Queueing Theory shows the interplay between the arrival rate and the service rate, which both reveal the characteristics of the queue and, ultimately the customer experience. The items in parenthesis below are the cell/row numbers in my example image (see below).
- Arrival Rate: Set-up a field to accept the Customers Per Hour (B5); Followed by a field to accept the Average Minutes Between Arrivals (60/B5).
- Service Rate: Next, we need to set-up the Service Rate. To do this, create a field that will accept Customers Per Hour (B7). This is followed by a field to accept Average Service Time in Minutes (60/B7).
Now, we can learn about the characteristics of the queue and also how the customer might experience the queue:
- Average Server Utilization: Create a field to calculate the Average Server Utilization (B5/B7).
- Average Number of Customers in the Line: Set-up a field to calculate the Average Number of Customers in the Line (B5^2/(B7*(B7-B5))).

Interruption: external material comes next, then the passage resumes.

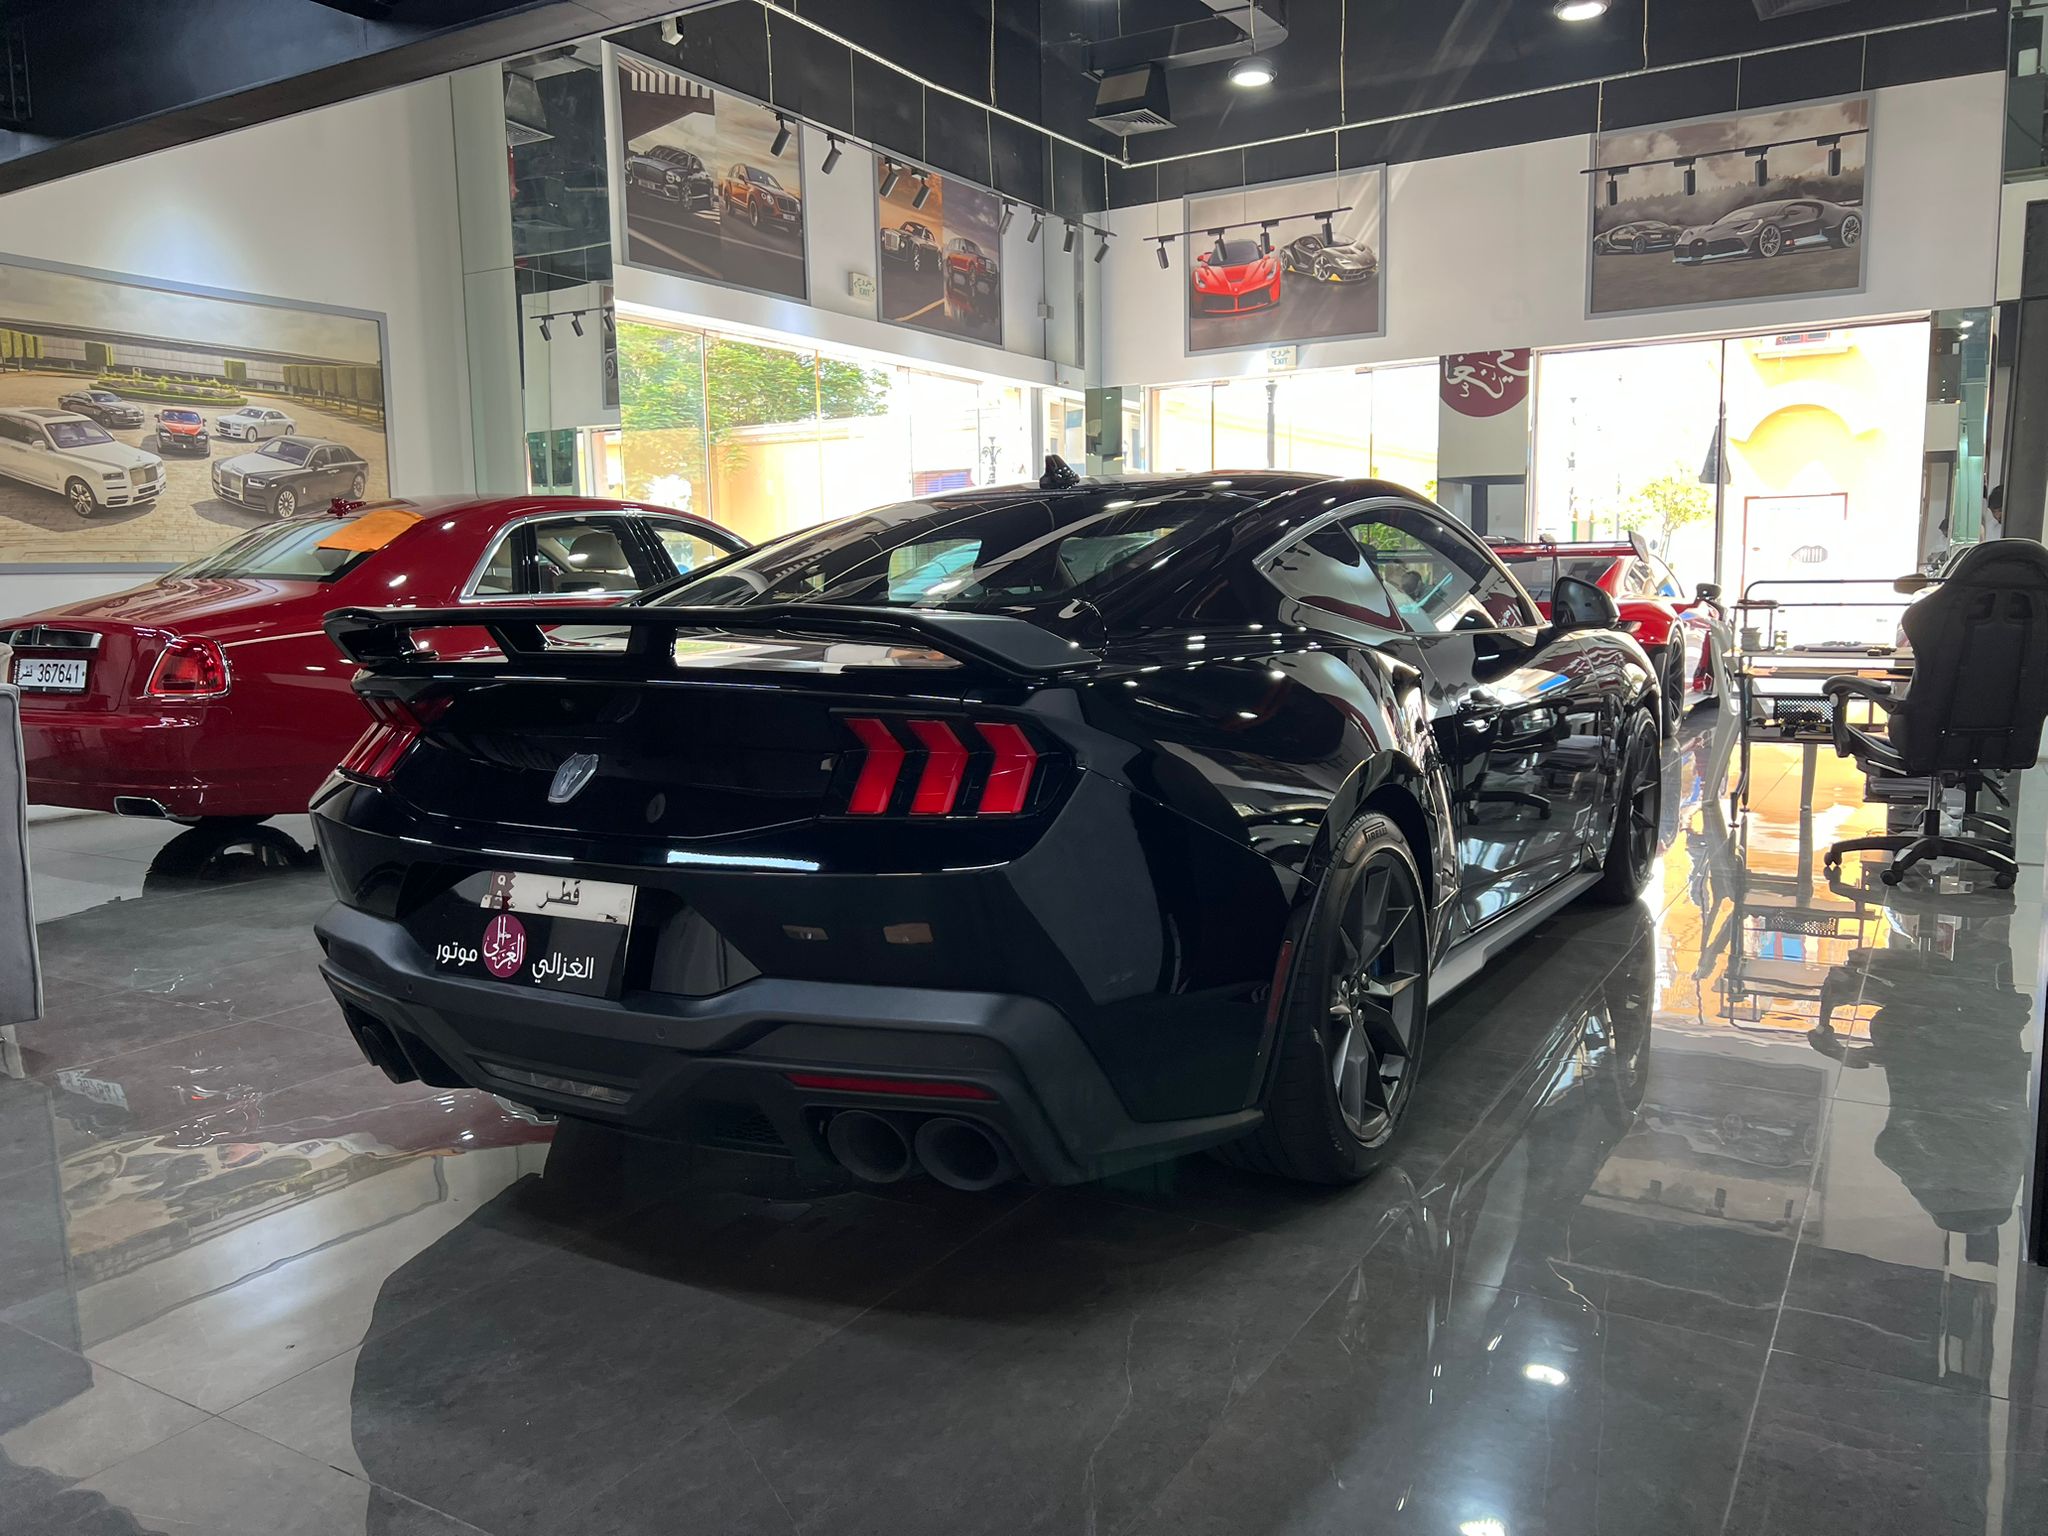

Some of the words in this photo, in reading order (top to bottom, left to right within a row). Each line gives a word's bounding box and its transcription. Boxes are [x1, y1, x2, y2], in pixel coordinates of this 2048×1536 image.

- Average Number of Customers in the System: Now, create a field to calculate the Average Number of Customers in the System (B5/(B7-B5)).
- Average Waiting Time in the Line: Now, we can determine how long it is, on average, for a customer to Wait in the Line in hours (B5/(B7*(B7-B5)) and in minutes ((B5/(B7*(B7-B5)))*60).
- Average Time in the System: System here is defined the cumulative time of (Waiting in the Line + Being Served). For Hours, create a field that will calculate the following (1/(B7-B5)) and for Minutes ((1/(B7-B5)*60).
That’s it. With a few simple calculations we can determine the the load of a system the how long it is on average for a customer to wait for service. Queueing Theory is very pragmatic, applicable, and fairly easy to do. There’s a lot of quant-jock mystique around it, but it’s really not difficult to understand and it can really impact how companies conduct business. Where can you apply this?
Any business process where lines are a matter of fact — this means:
- Emergency or Doctor’s offices
- Server Load in a network environment
- Fulfillment/Distribution Center or Warehousing
- Project Management
- Call Centers
- Software Engineering
Queueing Theory isn’t used enough, in my experience. More businesses could stand to benefit from its use and application. At the end of the day, simply learning about how long a customer might wait in line will help a business better design their service to provide more value-add to the customer experience.